**Exercise directions**: Each entry is to be given again precisely, and no picture may be carried over.

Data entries
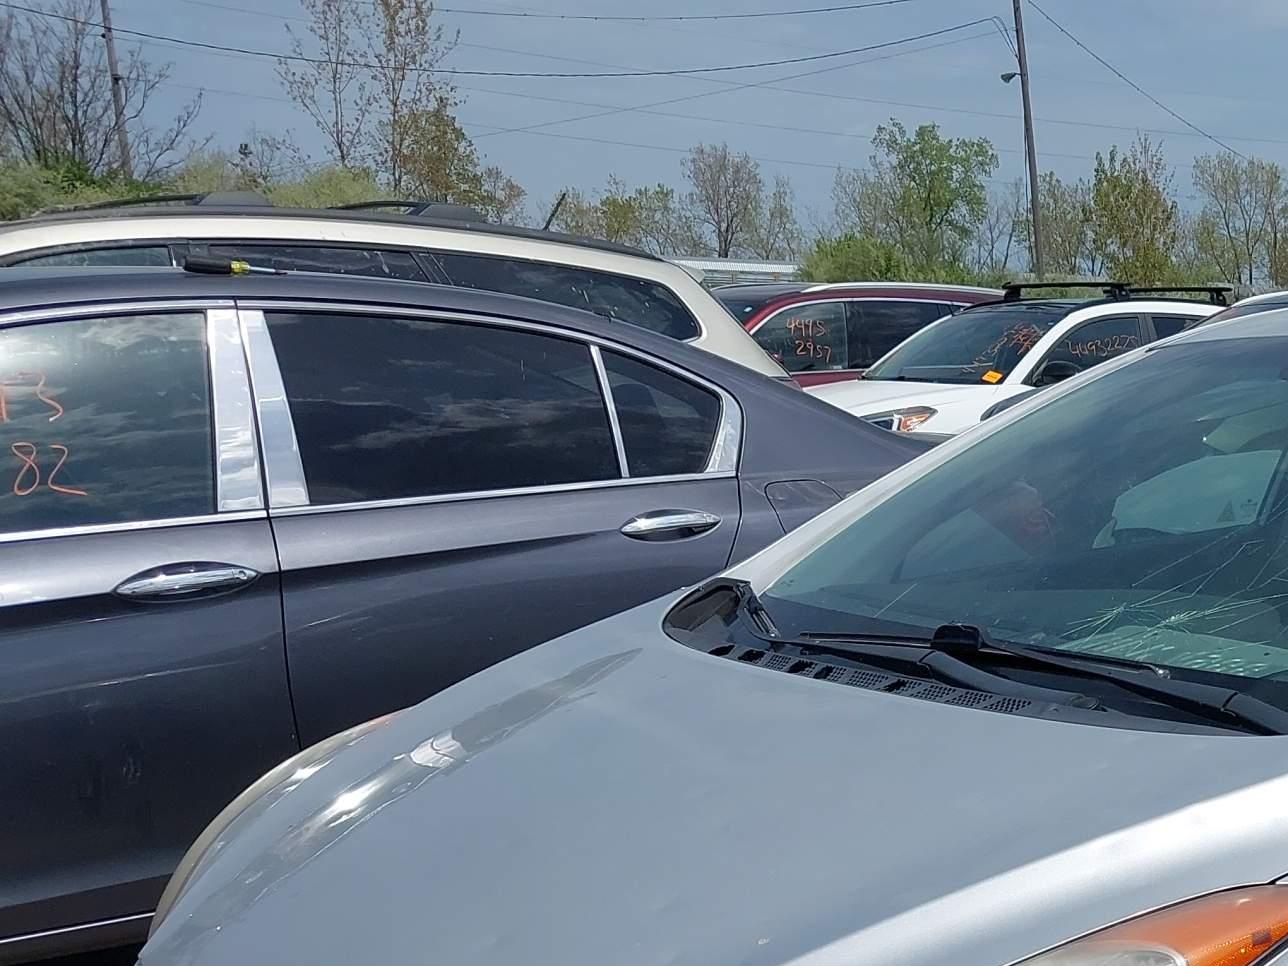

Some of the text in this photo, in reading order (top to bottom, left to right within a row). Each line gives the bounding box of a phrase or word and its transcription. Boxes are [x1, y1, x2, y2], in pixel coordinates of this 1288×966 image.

[786, 317, 825, 337] 4495
[795, 339, 832, 363] 2957
[11, 441, 88, 496] 82
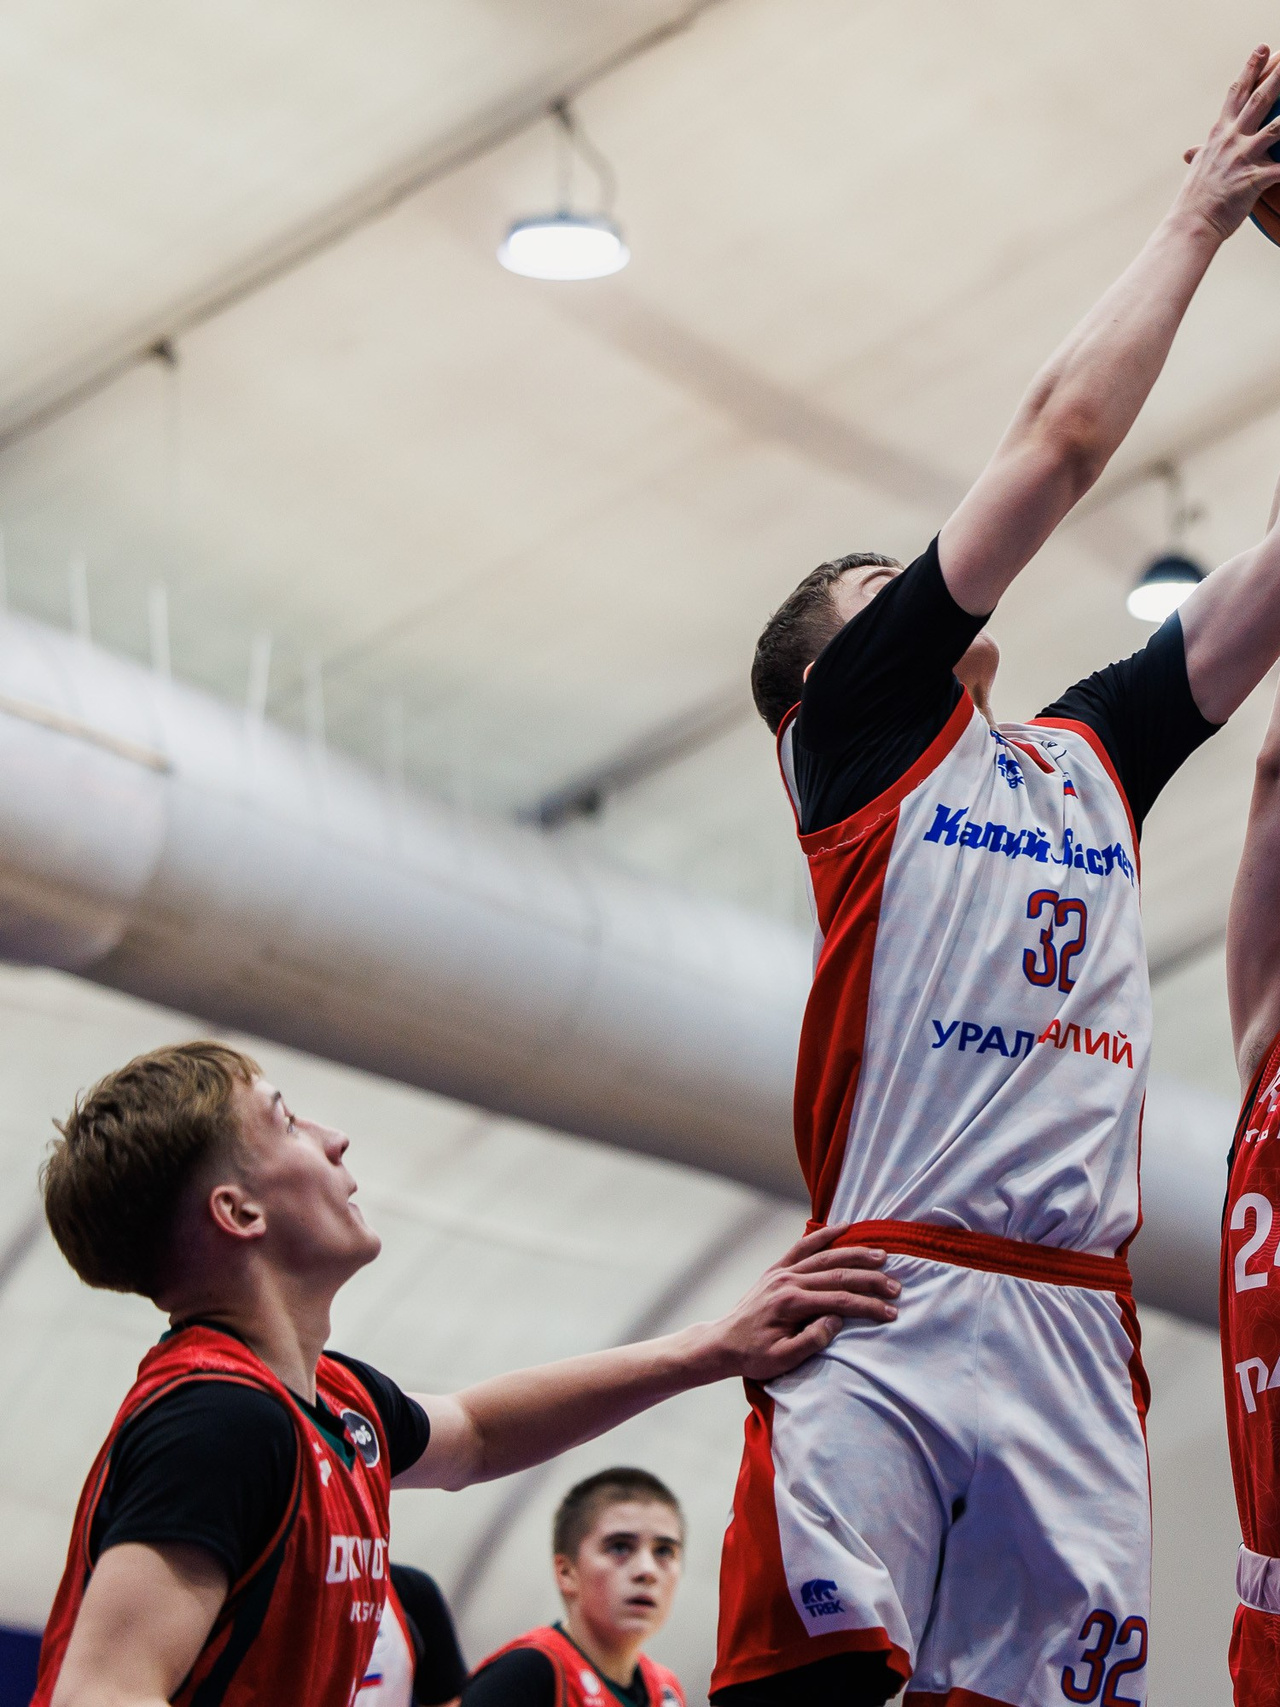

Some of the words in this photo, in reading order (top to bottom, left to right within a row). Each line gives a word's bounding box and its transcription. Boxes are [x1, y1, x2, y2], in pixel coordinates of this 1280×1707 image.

[1022, 889, 1088, 994] 32
[931, 1019, 1134, 1069] УРАЛАЛИЙ
[805, 1600, 845, 1618] TREK
[1061, 1608, 1149, 1707] 32
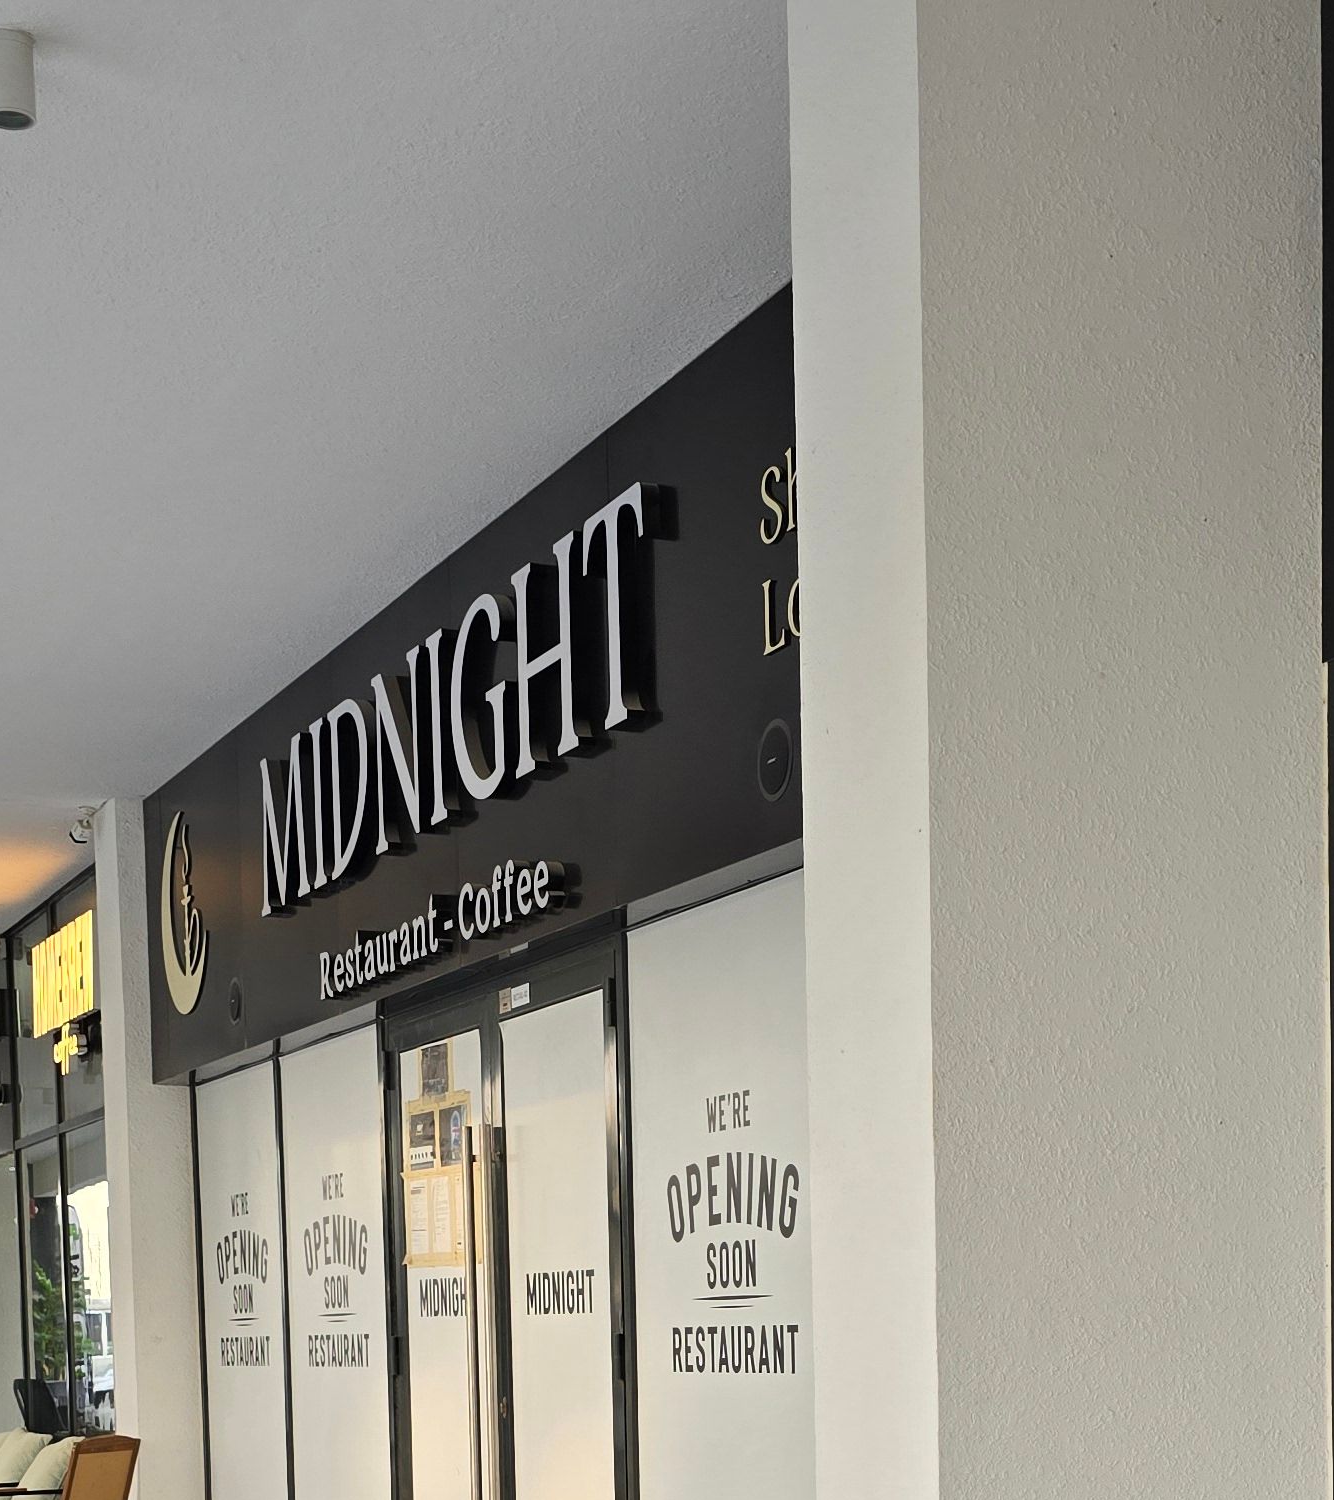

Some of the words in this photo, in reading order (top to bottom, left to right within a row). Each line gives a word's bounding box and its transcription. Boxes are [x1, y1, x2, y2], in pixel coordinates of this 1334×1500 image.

[260, 481, 644, 917] MIDNIGHT
[319, 893, 439, 1000] Restaurant
[458, 859, 549, 940] Coffee
[706, 1089, 751, 1133] WE'RE
[230, 1192, 249, 1217] WE'RE
[322, 1173, 344, 1201] WE'RE
[667, 1151, 799, 1243] OPENING
[216, 1229, 268, 1285] OPENING
[303, 1214, 368, 1276] OPENING
[706, 1239, 757, 1289] SOON
[233, 1283, 254, 1314] SOON
[324, 1275, 349, 1309] SOON
[420, 1276, 467, 1318] MIDNIGH
[526, 1269, 595, 1316] MIDNIGHT
[220, 1335, 271, 1367] RESTAURANT
[308, 1333, 369, 1368] RESTAURANT
[672, 1325, 799, 1374] RESTAURANT
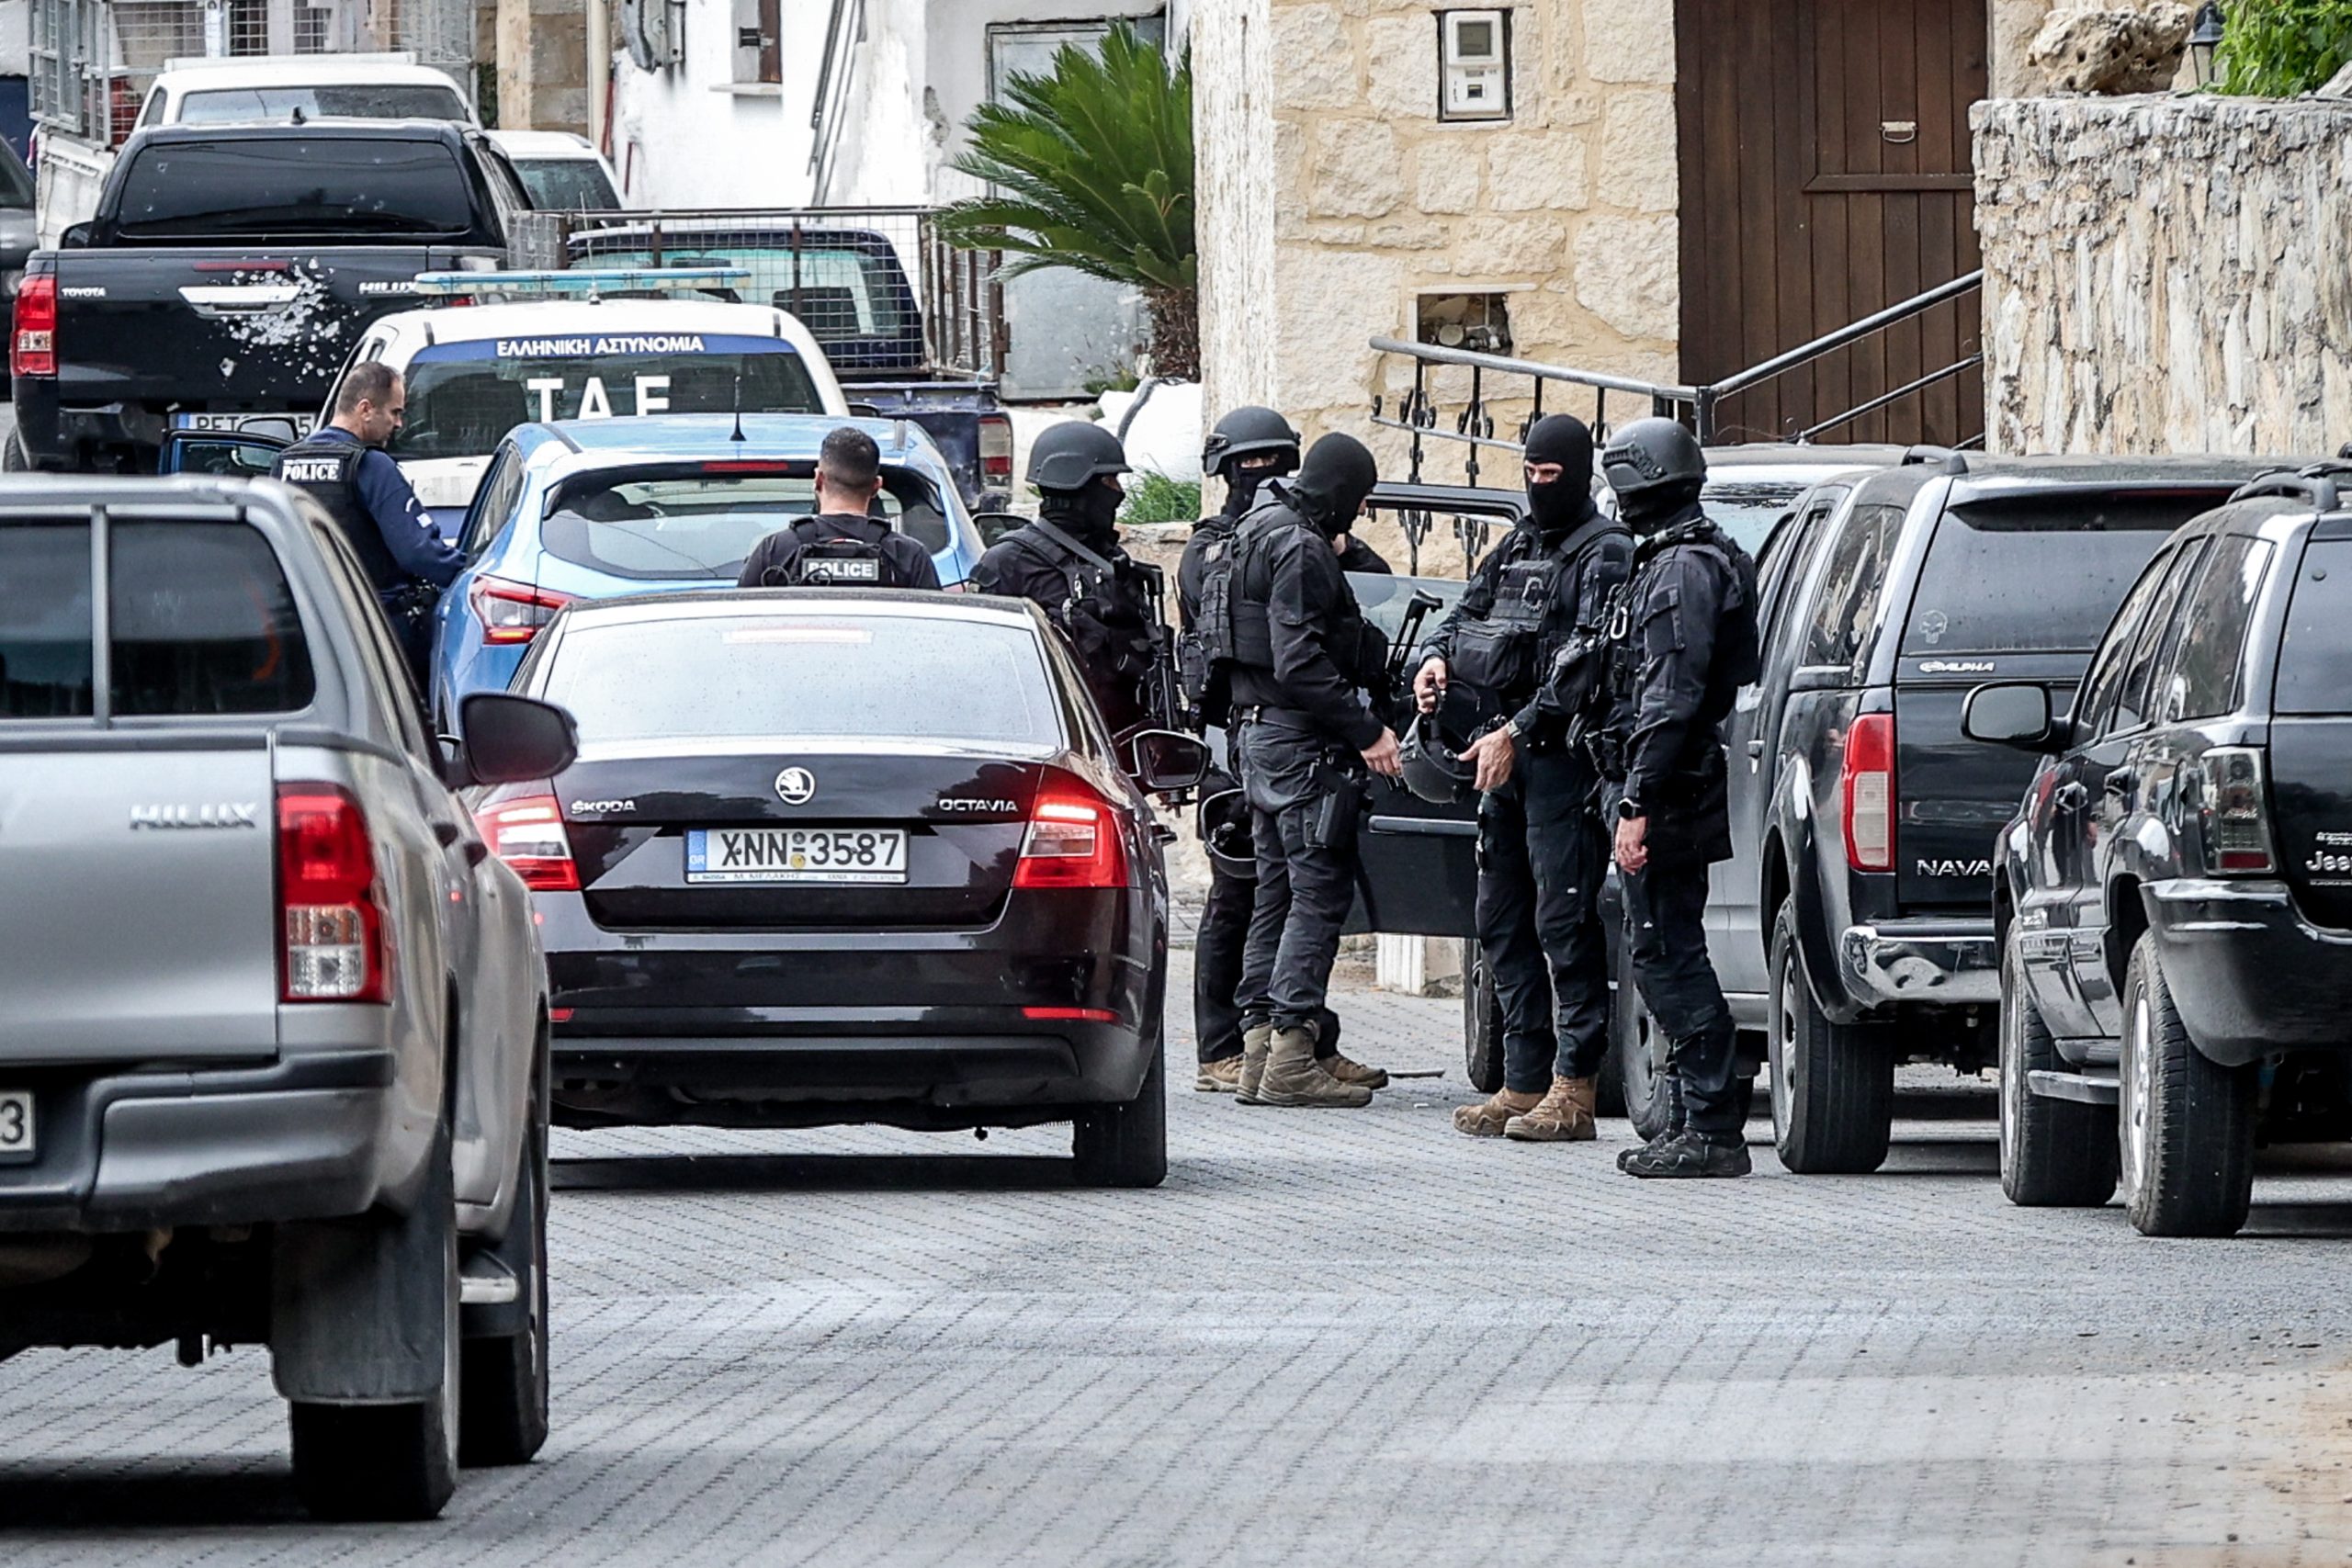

**Exercise output**:
Some of the text in this photo, in reading order (top to bottom, left to right within a row). Each line gives the bounding box of a phrase or word and its transcription. Boxes are [x1, y1, x2, y2], in pixel coordinates of this 1288×966 image.

[786, 317, 825, 337] 4495
[795, 339, 832, 363] 2957
[11, 441, 88, 496] 82

Some of the words in this photo, in reading order (top to bottom, left to right within a row). Each line gives a word's bounding box and its transcription. Boxes are [x1, y1, x2, y2], in pixel coordinates of this 1280×1707 image.

[1022, 889, 1088, 994] 32
[931, 1019, 1134, 1069] УРАЛАЛИЙ
[805, 1600, 845, 1618] TREK
[1061, 1608, 1149, 1707] 32

Some of the words in this photo, in reading order (top to bottom, left to right within a row). Each line gives a word's bounding box and its transcription. Boxes are [x1, y1, x2, y2], in pixel coordinates of this 1334×1500 image.

[260, 481, 644, 917] MIDNIGHT
[319, 893, 439, 1000] Restaurant
[458, 859, 549, 940] Coffee
[706, 1089, 751, 1133] WE'RE
[230, 1192, 249, 1217] WE'RE
[322, 1173, 344, 1201] WE'RE
[667, 1151, 799, 1243] OPENING
[216, 1229, 268, 1285] OPENING
[303, 1214, 368, 1276] OPENING
[706, 1239, 757, 1289] SOON
[233, 1283, 254, 1314] SOON
[324, 1275, 349, 1309] SOON
[420, 1276, 467, 1318] MIDNIGH
[526, 1269, 595, 1316] MIDNIGHT
[220, 1335, 271, 1367] RESTAURANT
[308, 1333, 369, 1368] RESTAURANT
[672, 1325, 799, 1374] RESTAURANT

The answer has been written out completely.